Records for the exercise START

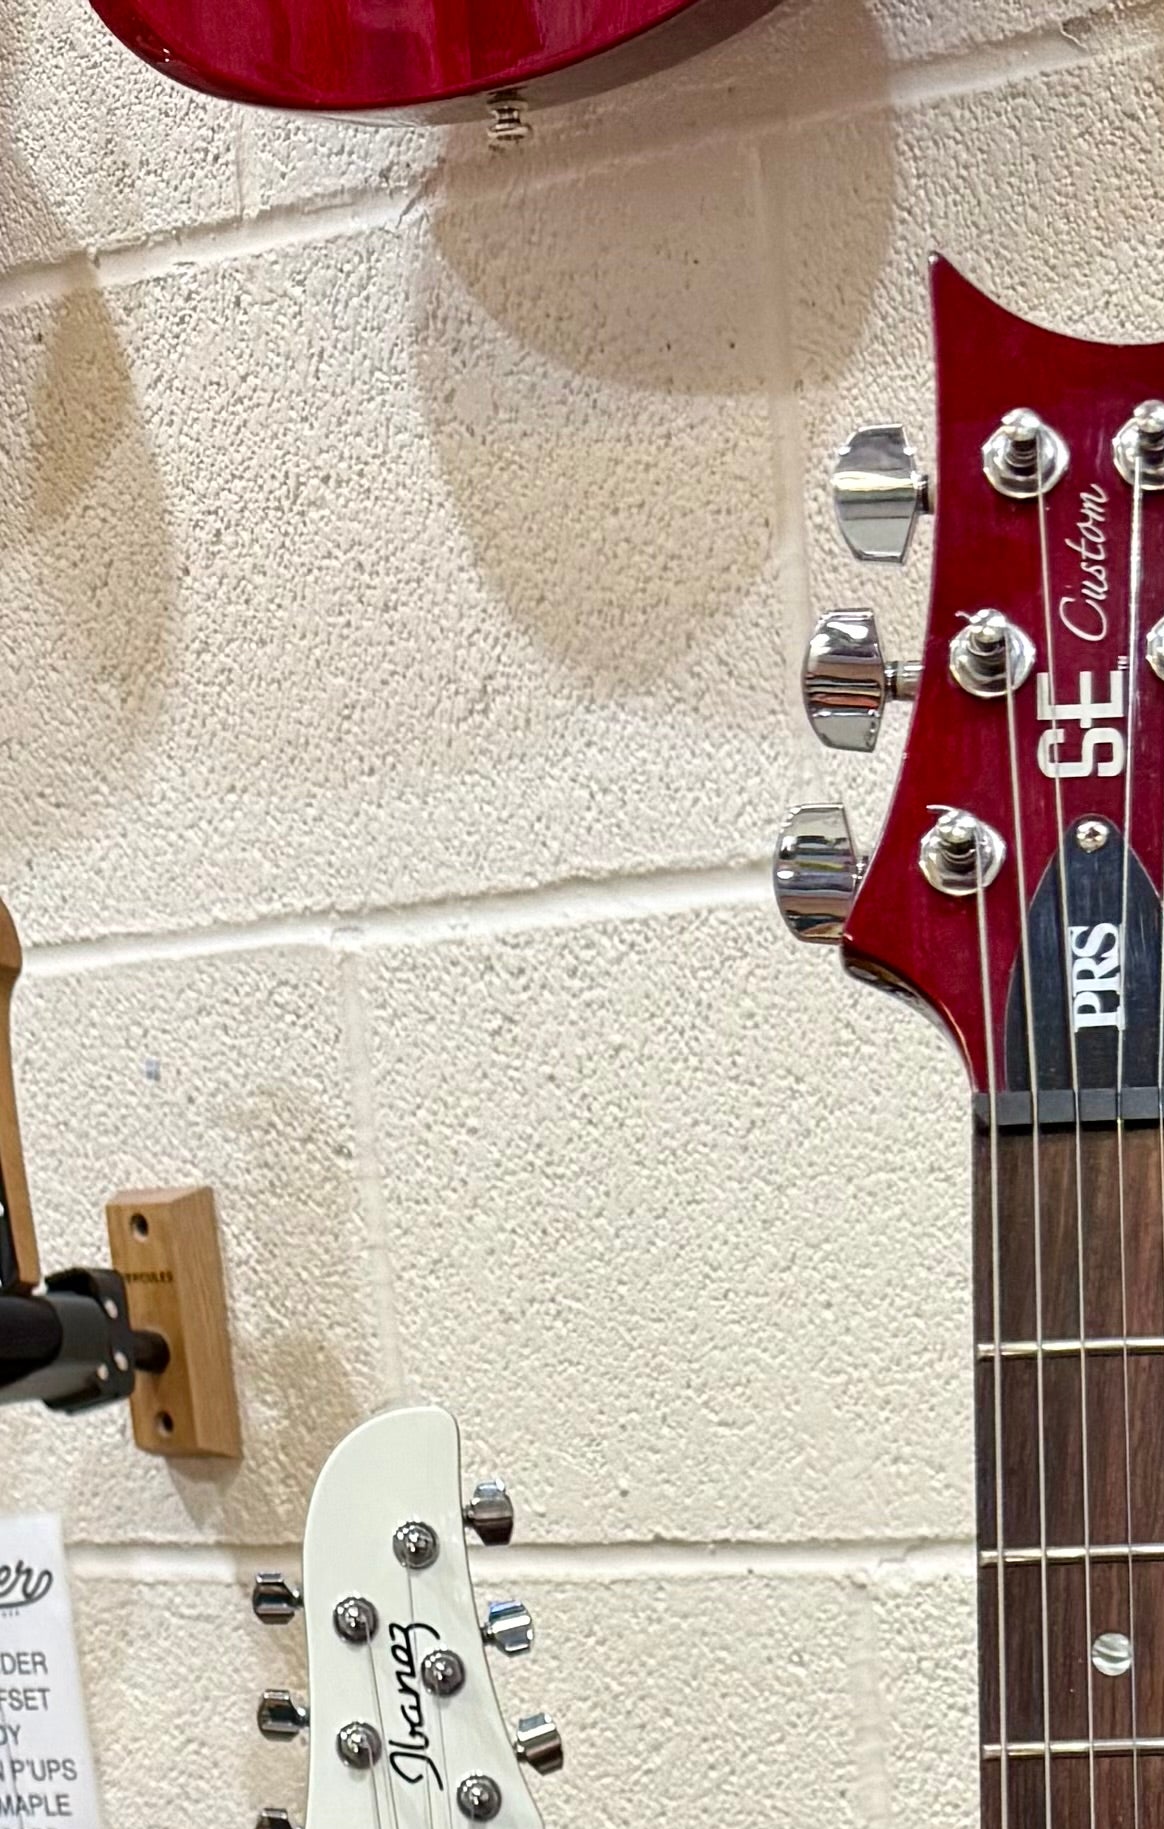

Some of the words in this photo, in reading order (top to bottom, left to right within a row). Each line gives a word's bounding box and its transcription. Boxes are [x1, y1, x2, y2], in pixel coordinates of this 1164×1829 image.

[1059, 483, 1110, 642] Custom
[1036, 669, 1125, 779] SE
[1068, 922, 1126, 1034] PRS
[388, 1622, 444, 1792] Ibanez
[0, 1793, 73, 1817] MAPLE
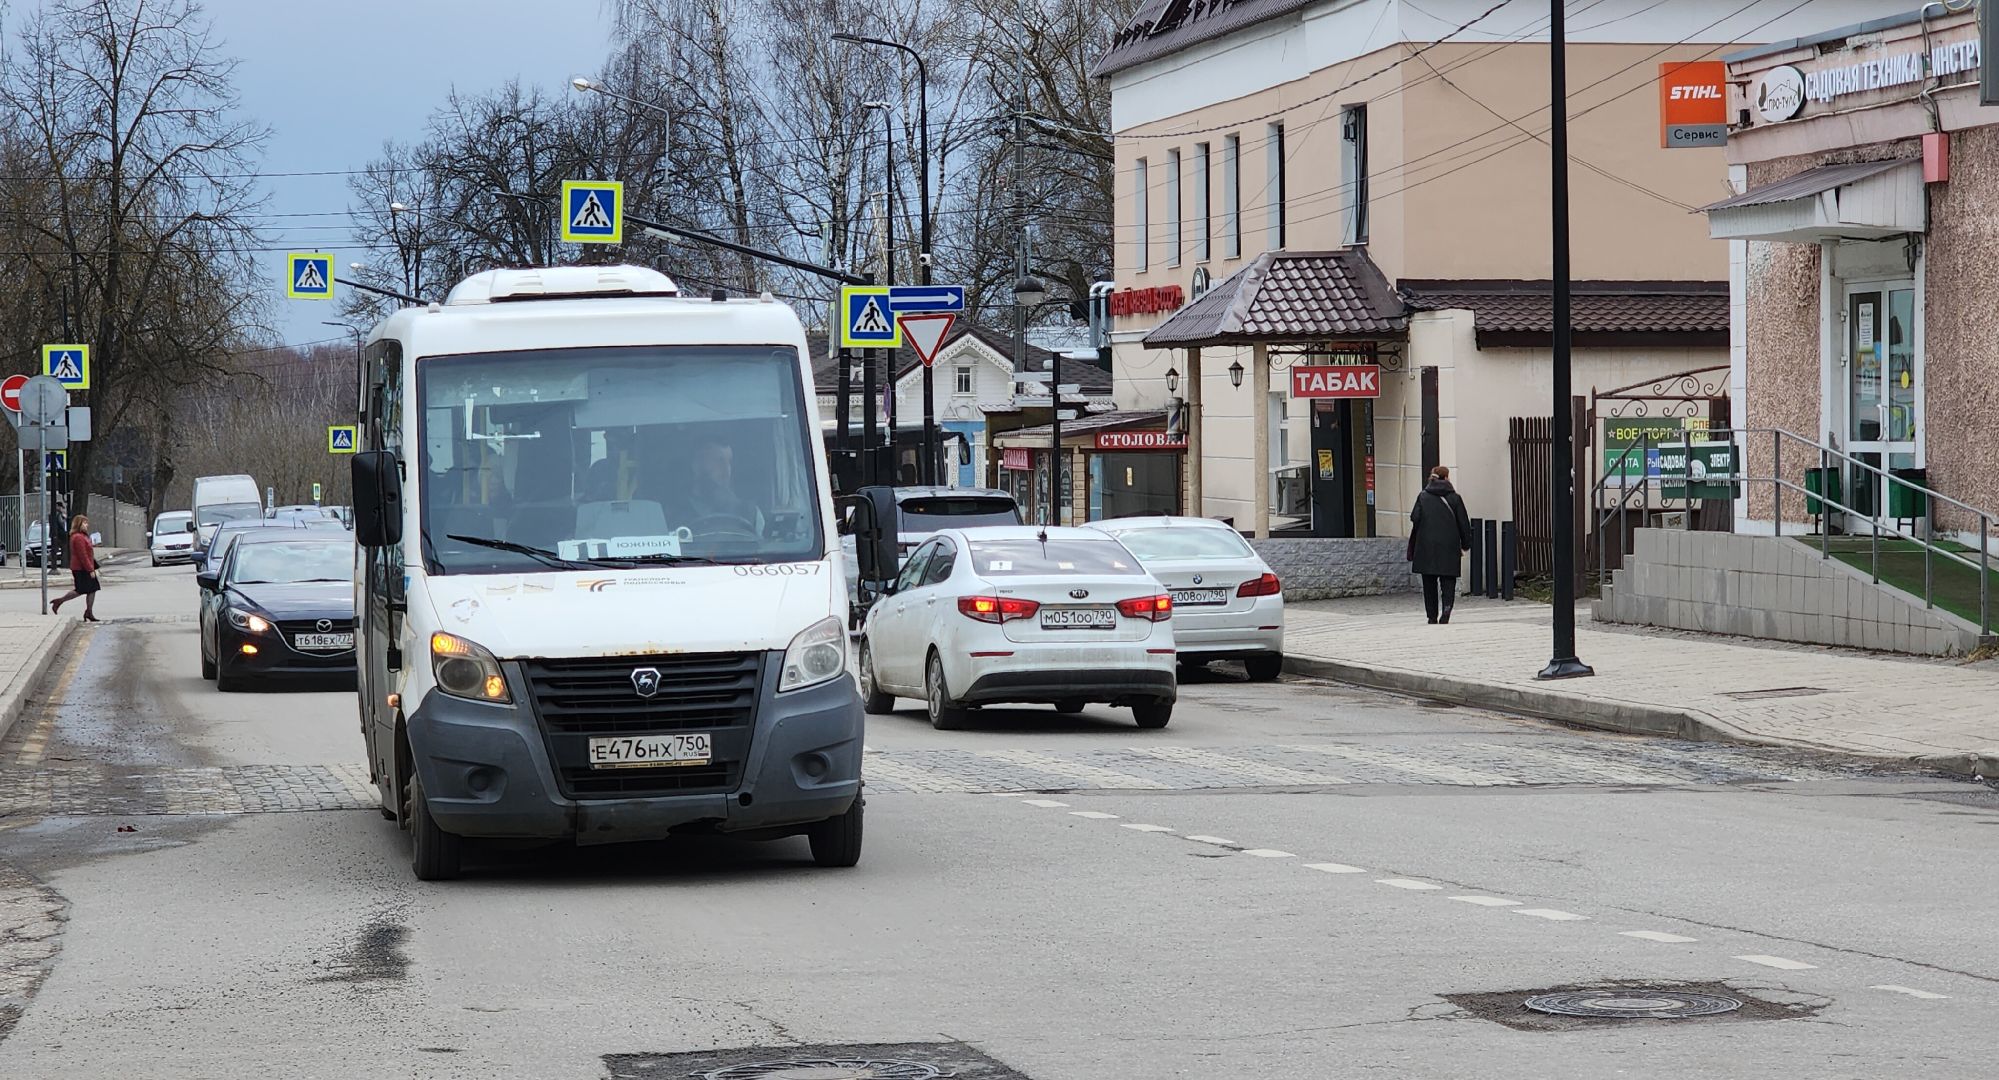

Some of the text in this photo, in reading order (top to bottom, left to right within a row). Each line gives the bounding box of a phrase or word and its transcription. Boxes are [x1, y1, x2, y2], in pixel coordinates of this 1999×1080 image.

Records for the exercise END

Activity
Exclude every picture and copy the remaining data exactly.

Response
Some of the words in this photo, in reading order (top to bottom, left to right within a row). Each line gives a word's bounding box and its transcription. Boxes are [x1, y1, x2, y2], in pixel coordinates of this 1164×1829 image.

[1059, 483, 1110, 642] Custom
[1036, 669, 1125, 779] SE
[1068, 922, 1126, 1034] PRS
[388, 1622, 444, 1792] Ibanez
[0, 1793, 73, 1817] MAPLE

Some of the text in this photo, in reading order (top to bottom, left to right within a row). Each line gives the bounding box of a phrase or word and its transcription. Boxes are [x1, y1, x2, y2], in pixel coordinates of this 1999×1080 image.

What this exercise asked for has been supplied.